Design: Is it a common pattern to create / update / archive as a process?

Traditionally we are supposed to try to create, read, update, delete as separate concepts. However, I have noticed that the following pattern seems more useful for certain contexts (create, update, delete), (read).

For example:

In the context where what is allowed for a new object can be virtually indistinguishable from an existing object for many properties

  • Create or update. By combining create and update in one step, a lot of reuse is created. This dramatically simplifies the back-end code in two parts: if an ID is not provided, create a new object (relatively empty), if an ID is provided, try to obtain it. Then perform the update. The front-end is also simplified and, from the perspective of user interaction, news and updates (editions) are automatically consistent.

  • In some cases, "Delete" is actually "File" and acts more as a property update than as a separate request, that is, converting an "is_archived" flag to True. In this context, it becomes a subset of Update.

What I'm already aware of

  • REST does not need to be used for internal APIs
  • Most things are not really REST

The goal is not so much to have an all-in-one endpoint as mentioned here: RESTful API versus One Do-All Endpoint

But rather combine similar concerns and make it more composable. For example, adding a property in this pattern means adding it in one place.
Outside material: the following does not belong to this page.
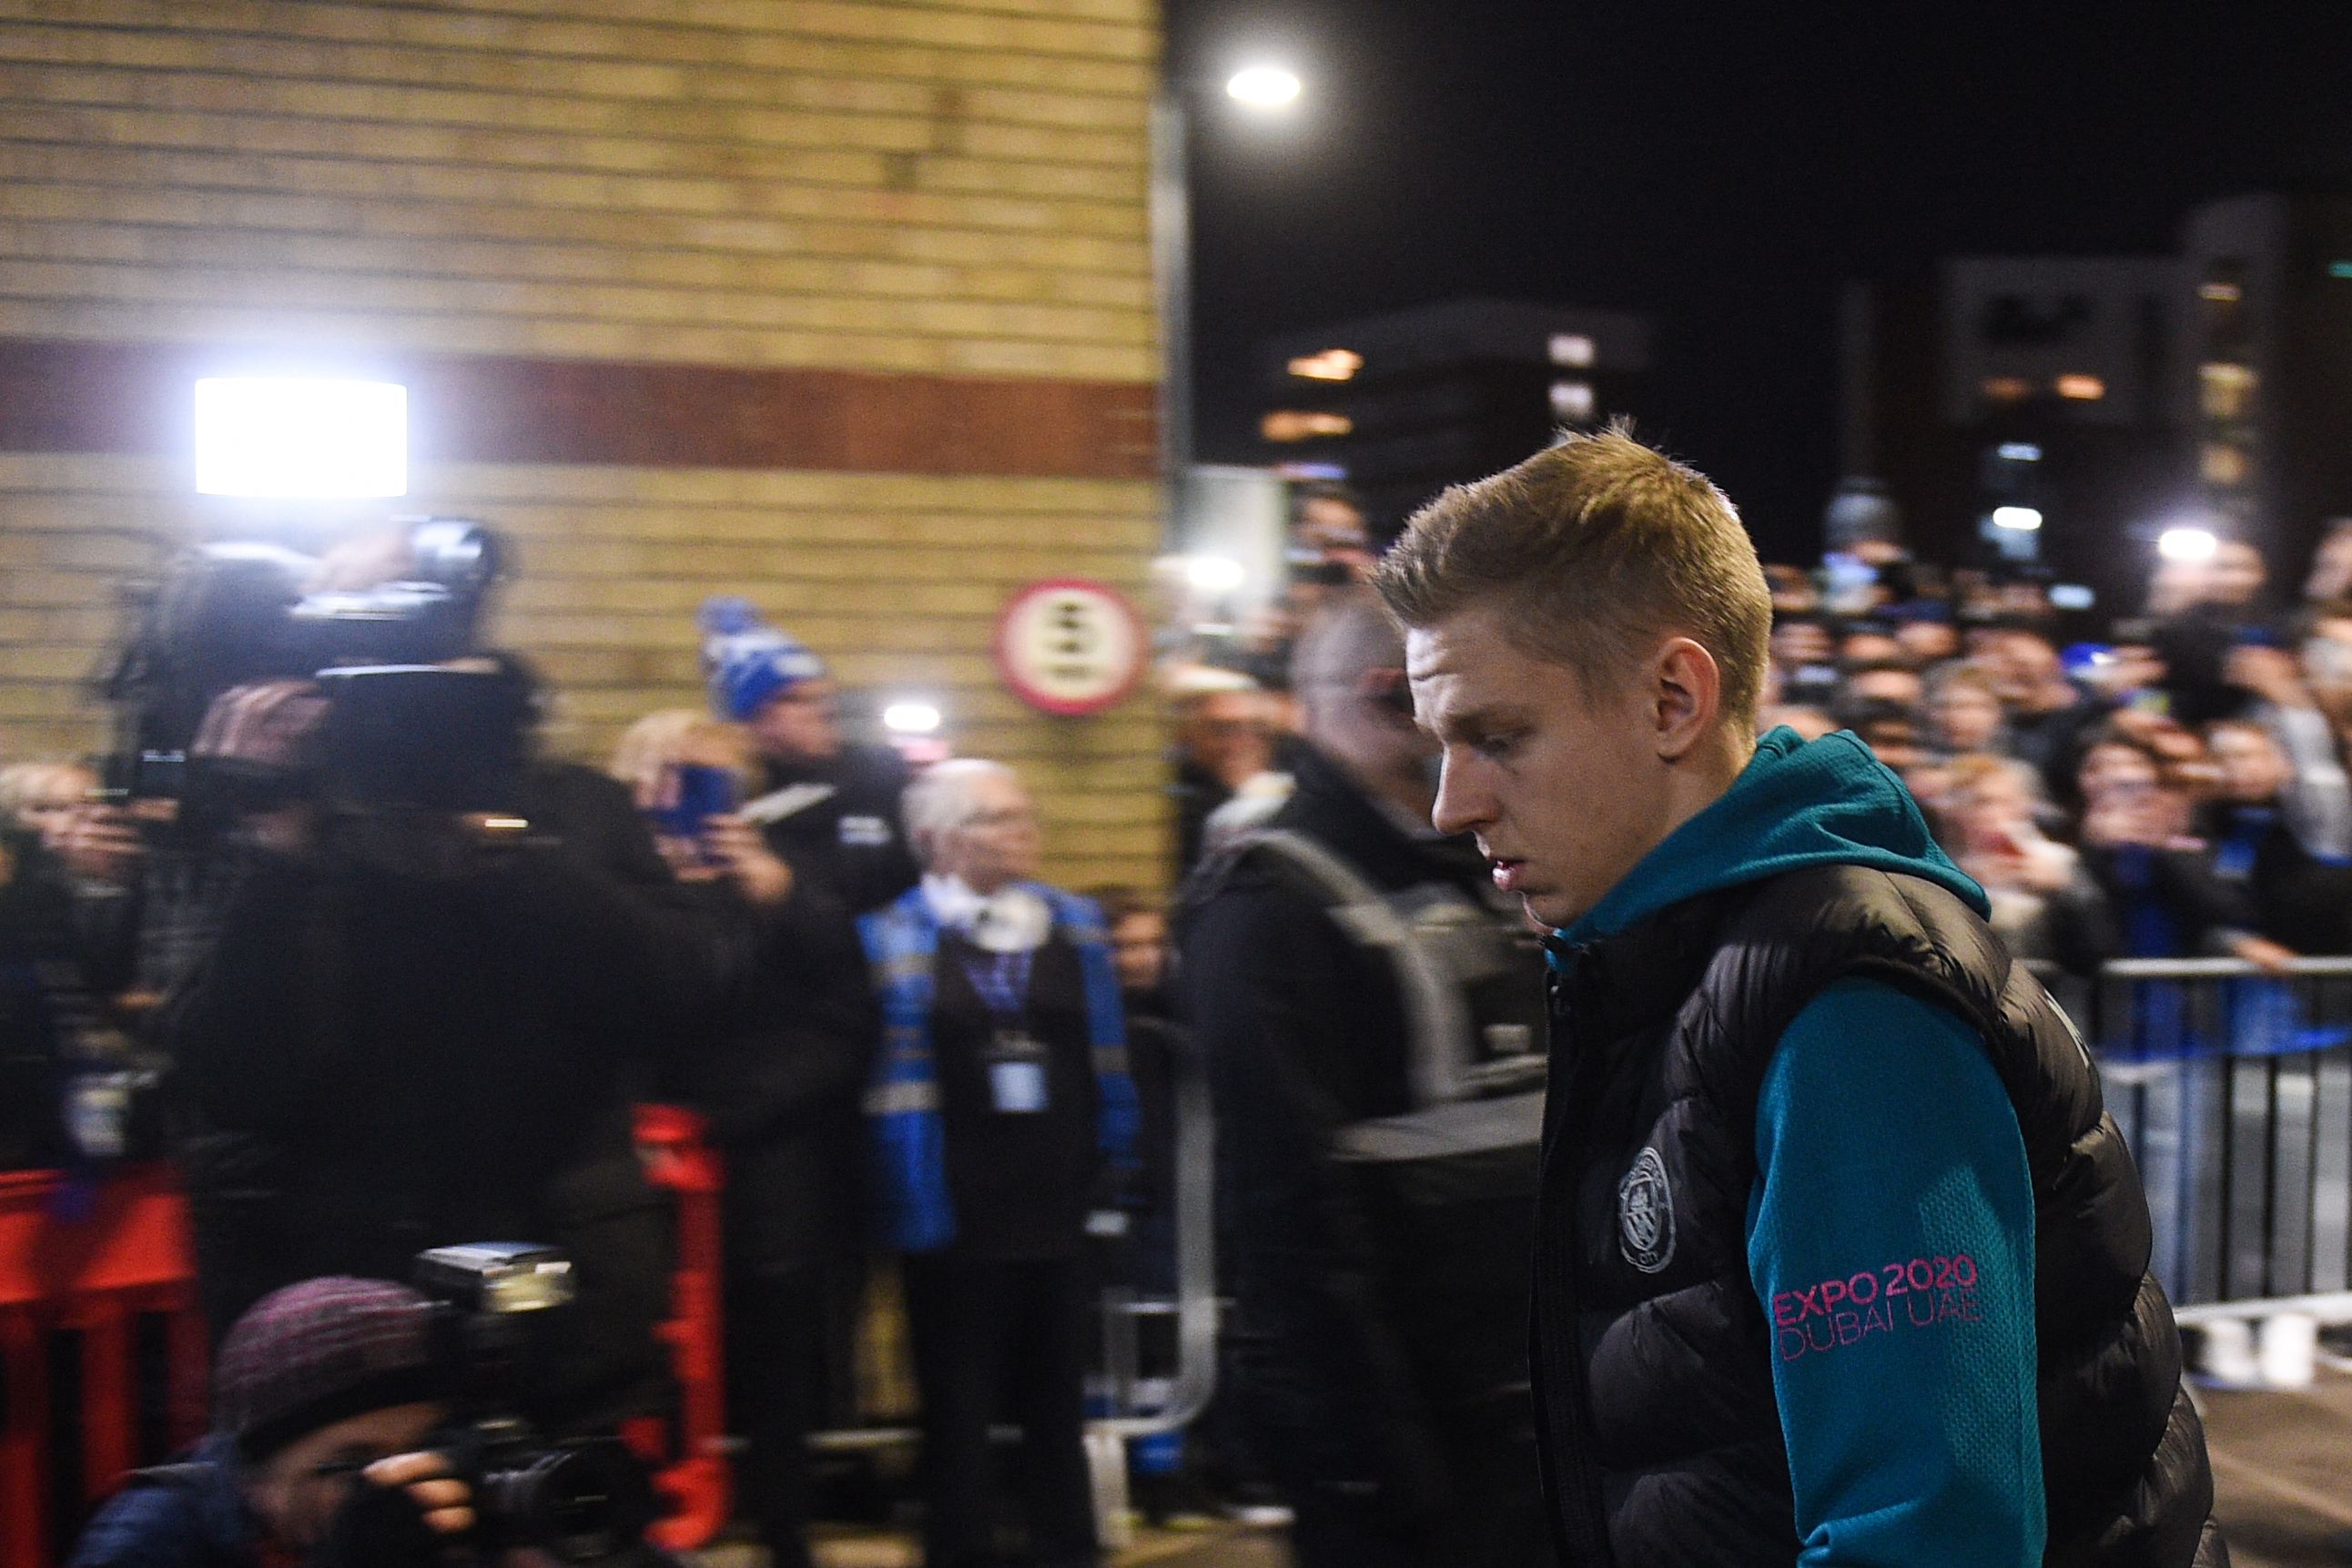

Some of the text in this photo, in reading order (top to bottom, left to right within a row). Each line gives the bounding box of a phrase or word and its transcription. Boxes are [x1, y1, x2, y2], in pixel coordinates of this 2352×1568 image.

[1772, 1253, 1978, 1326] EXPO 2020
[1779, 1285, 1982, 1361] DUBAI UAE
The net effect is that instead of having 3 back-end routes and 3 front-end components (6 in total), there are 1 of teach (2 in total), with only marginal differences when necessary.

Read operations seem significantly different because
* In general, it is assumed that the object always exists
* He usually reads several objects or does other things with him.
* Often, different permissions and context assumptions

Here it is a bit. Is it better to have Create and Edit actions separately or combine Create and Edit into one?
And there was a discussion about compensation.
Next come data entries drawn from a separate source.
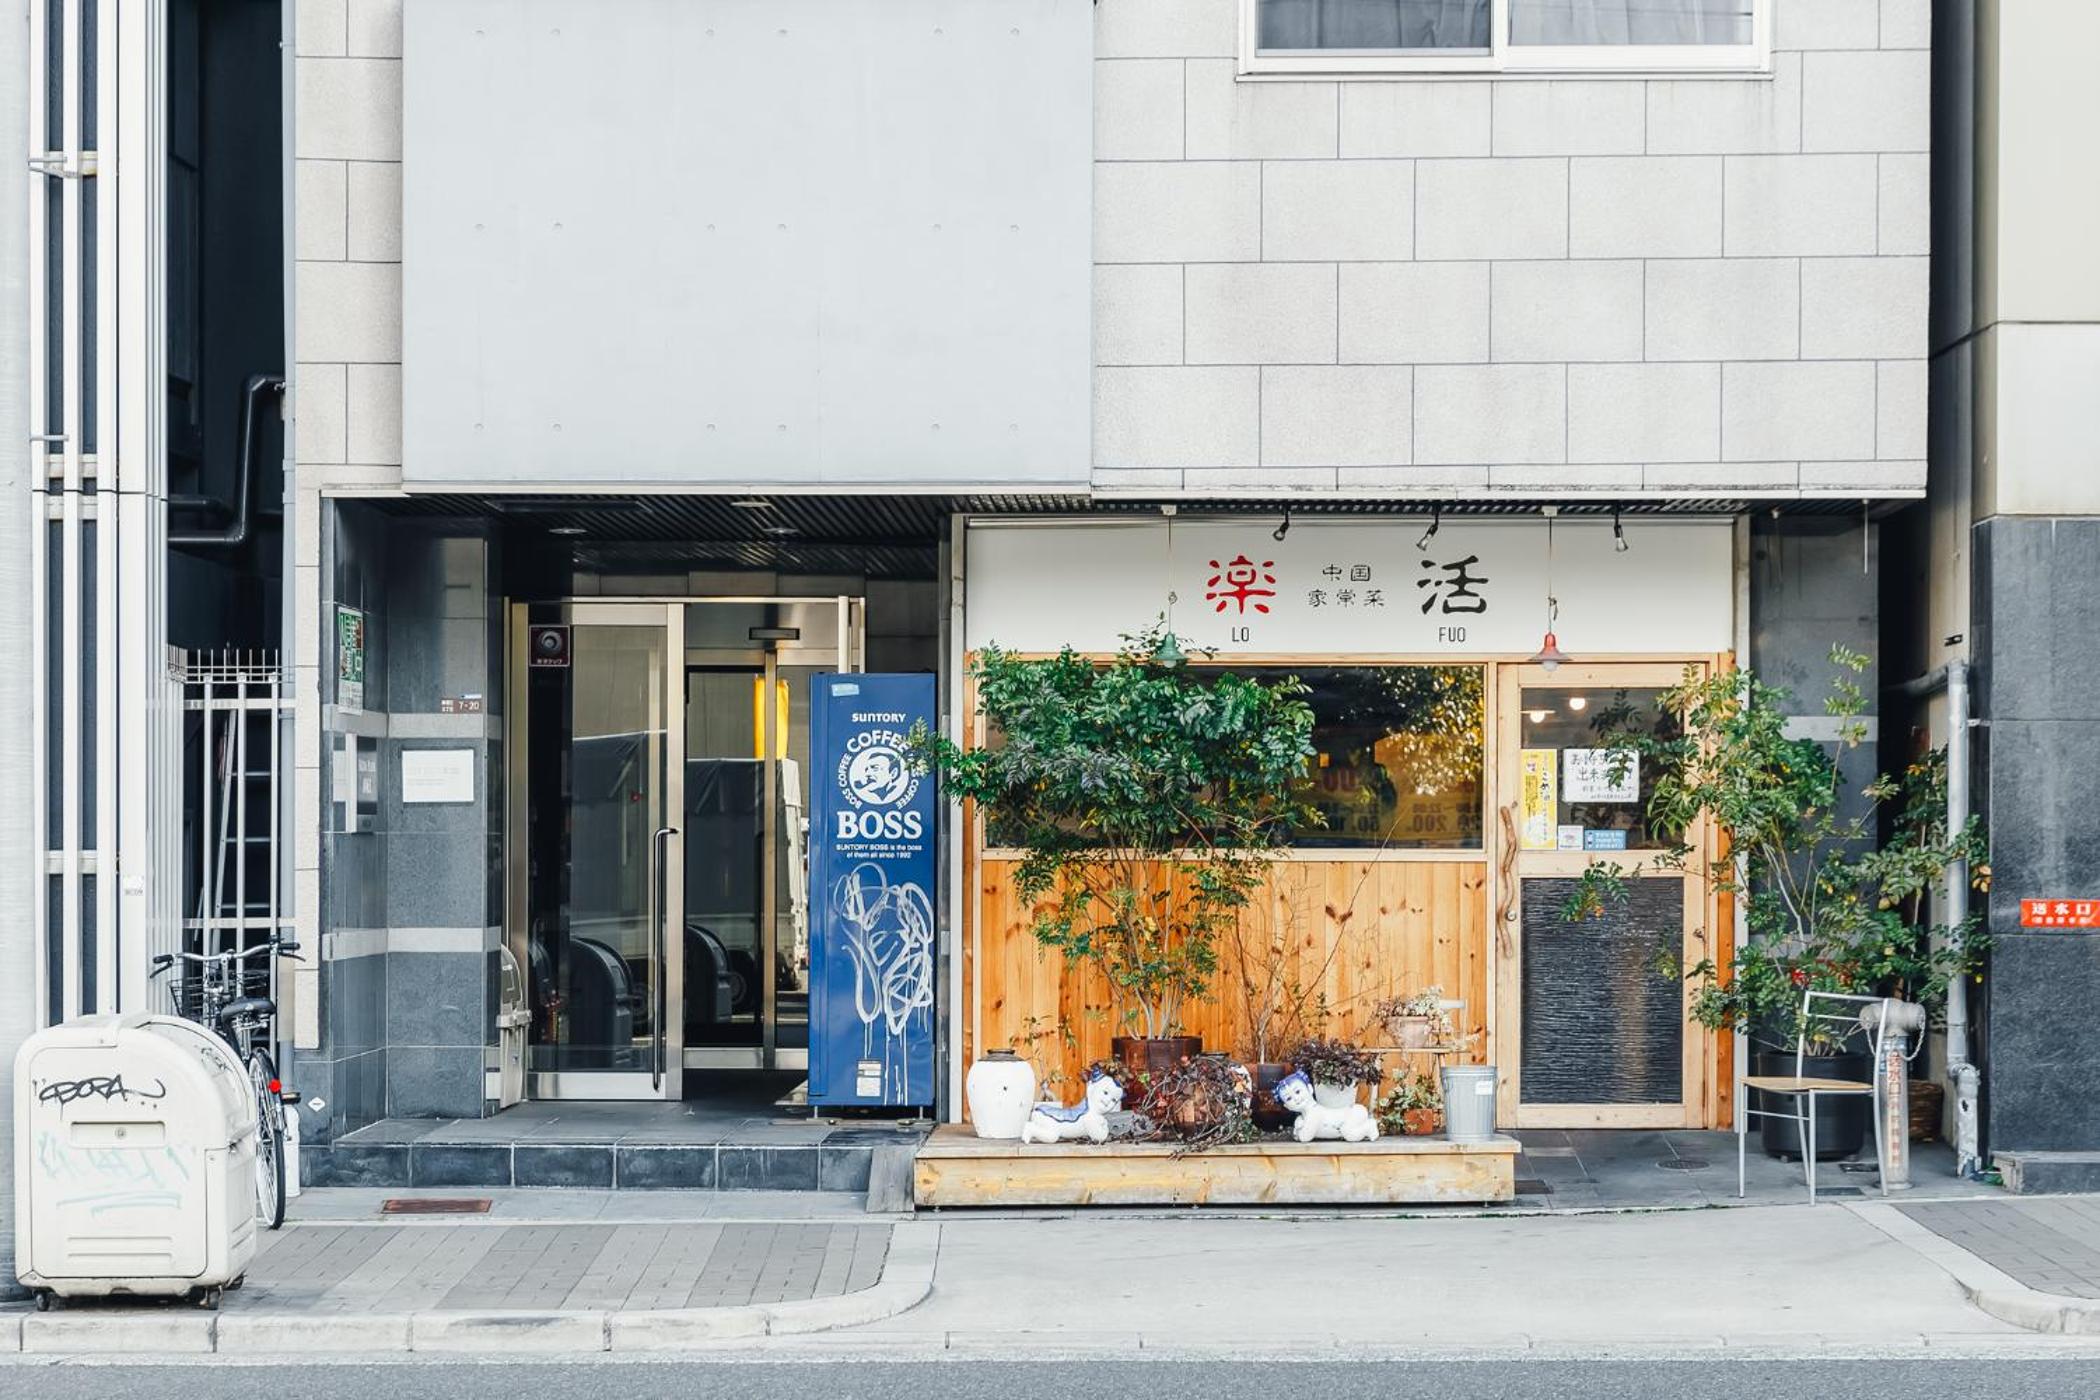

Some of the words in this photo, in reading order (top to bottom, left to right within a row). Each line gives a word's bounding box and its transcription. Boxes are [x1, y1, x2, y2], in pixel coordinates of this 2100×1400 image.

[1322, 564, 1371, 582] 中国
[1205, 552, 1276, 615] 楽
[1417, 555, 1489, 615] 活
[1307, 589, 1385, 608] 家常菜
[1231, 626, 1250, 642] LO
[1438, 626, 1467, 642] FUO
[836, 810, 923, 840] BOSS
The key distinction is that I am not only asking for the background API, but rather the way a person thinks in the context of both of them Front and Back end, the context of archived Also be part of it. (And in the context of modern frames)

Suppose that 𝑎, 𝑏, 𝑚 and 𝑛 are natural numbers, 𝑎> 1, and suppose that 𝑎, 𝑏 do not have a common factor. Show that: (𝑎𝑛 + 𝑏𝑛) | (𝑎𝑚 + 𝑏𝑚) → 𝑛 | 𝑚

Let 𝑎, 𝑏, 𝑚 and 𝑛 be natural numbers, 𝑎> 1, and assume that 𝑎, 𝑏
They have no common factor.

Test it:


PS: this question is from the book "A trip in mathematics"

Complexity of time: algorithm to find the lowest common ancestor of all the deepest leaves

This is the statement of the problem I found today.

Given a binary tree, find the lowest common ancestor of all the deepest leaves.

I came up with a correct algorithm, but I would like to confirm the execution time of this approach.

The algorithm is as follows:

  1. Go through the tree and find the deepest level of the tree, dmax.
  2. Go through the tree and find all the leaves in depth dmax.
  3. Given the LCA (A, B, C) = LCA (LCA (A, B), C), traverse all the nodes found in step 2 and calculate LCA.

The subroutine for LCA (A, B) it is simple. From A, go to the root and store each visited node in a hashset. So, starting at yes, go up until you find a node contained in the hashset.

I know that the first two steps of the algorithm are both In), where n corresponds to the number of nodes in the tree. However, I am not sure about the last step.

LCA (A, B) The subroutine has a linear complexity. But how many nodes, in the worst case, can be found in step 2?

Intuitively, I would say that it has to be much less than n nodes.

Is there a common or typical icon for an external link to a company's website?

I am building a website directory that lists thousands of companies. Each company has an external website and several social sites, such as Facebook, Twitter and Instagram. I have a good set of square icons that represent each of the social sites.

For the link to the company's website, I have a text link that says "visit our website". However, that doesn't look as good as the icons.

Is there a common or typical icon that represents a link to a company's website?